■ **Assignment**: Only one stretch of the listing below is wanted. Begin at the line that has "this 1288×966 image.", stop after the line that has "this 1824×1368 image.", and repeat every line in between exactly.

━━━━

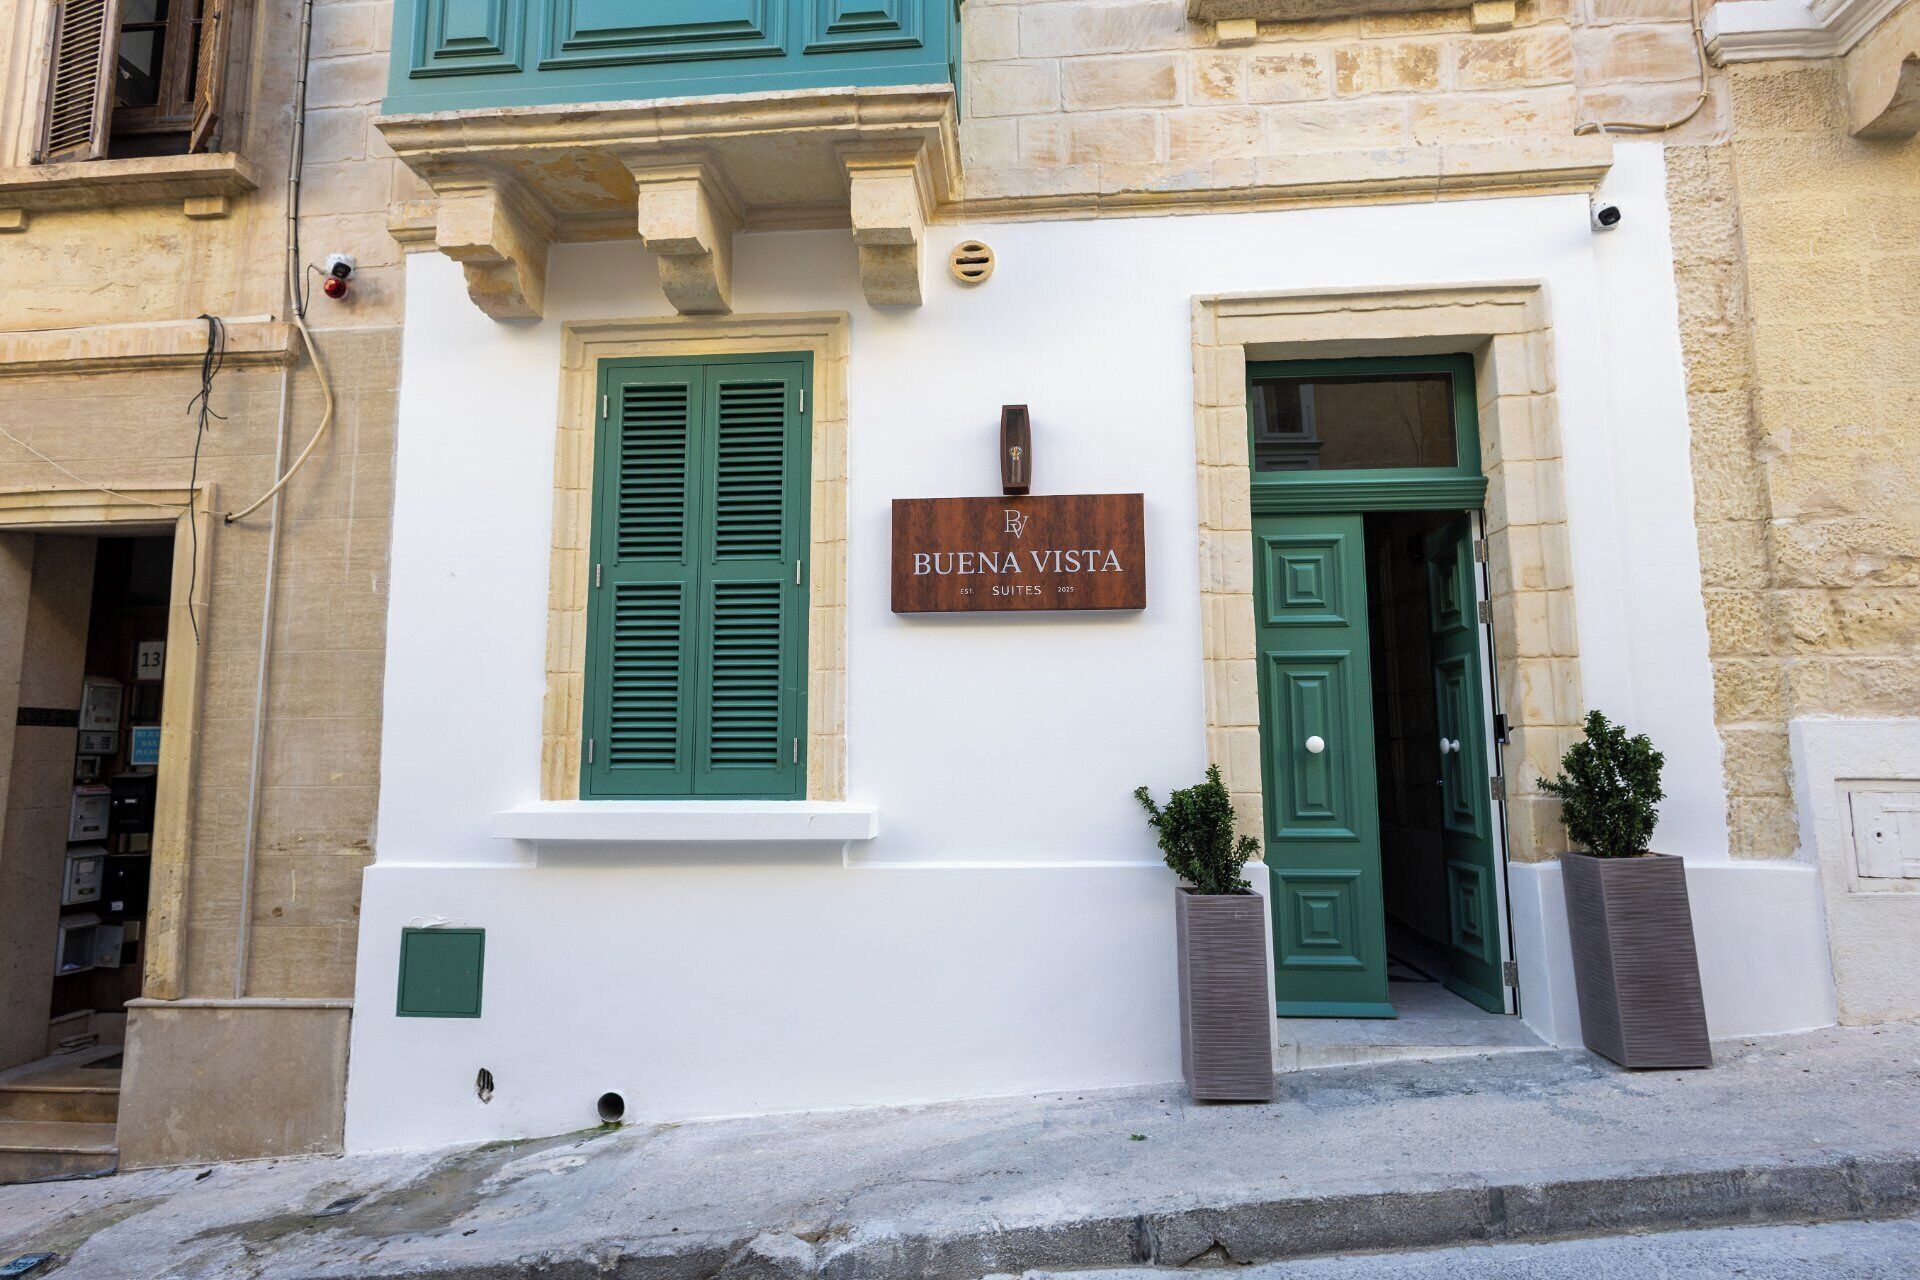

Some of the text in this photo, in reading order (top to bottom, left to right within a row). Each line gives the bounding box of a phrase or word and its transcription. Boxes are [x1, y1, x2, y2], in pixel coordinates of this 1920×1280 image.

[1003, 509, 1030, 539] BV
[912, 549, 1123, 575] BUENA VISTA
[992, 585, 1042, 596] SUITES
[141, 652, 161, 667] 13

━━━━

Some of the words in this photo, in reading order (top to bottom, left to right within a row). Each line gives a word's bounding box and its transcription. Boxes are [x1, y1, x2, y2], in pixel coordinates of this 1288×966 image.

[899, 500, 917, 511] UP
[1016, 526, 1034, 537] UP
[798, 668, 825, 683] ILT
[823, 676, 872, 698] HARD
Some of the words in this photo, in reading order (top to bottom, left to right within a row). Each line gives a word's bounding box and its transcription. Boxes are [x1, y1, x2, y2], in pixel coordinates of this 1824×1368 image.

━━━━

■ **Exercise output**:
Some of the words in this photo, in reading order (top to bottom, left to right within a row). Each line gives a word's bounding box and its transcription. Boxes are [x1, y1, x2, y2], in pixel coordinates of this 1288×966 image.

[899, 500, 917, 511] UP
[1016, 526, 1034, 537] UP
[798, 668, 825, 683] ILT
[823, 676, 872, 698] HARD
Some of the words in this photo, in reading order (top to bottom, left to right within a row). Each line gives a word's bounding box and its transcription. Boxes are [x1, y1, x2, y2], in pixel coordinates of this 1824×1368 image.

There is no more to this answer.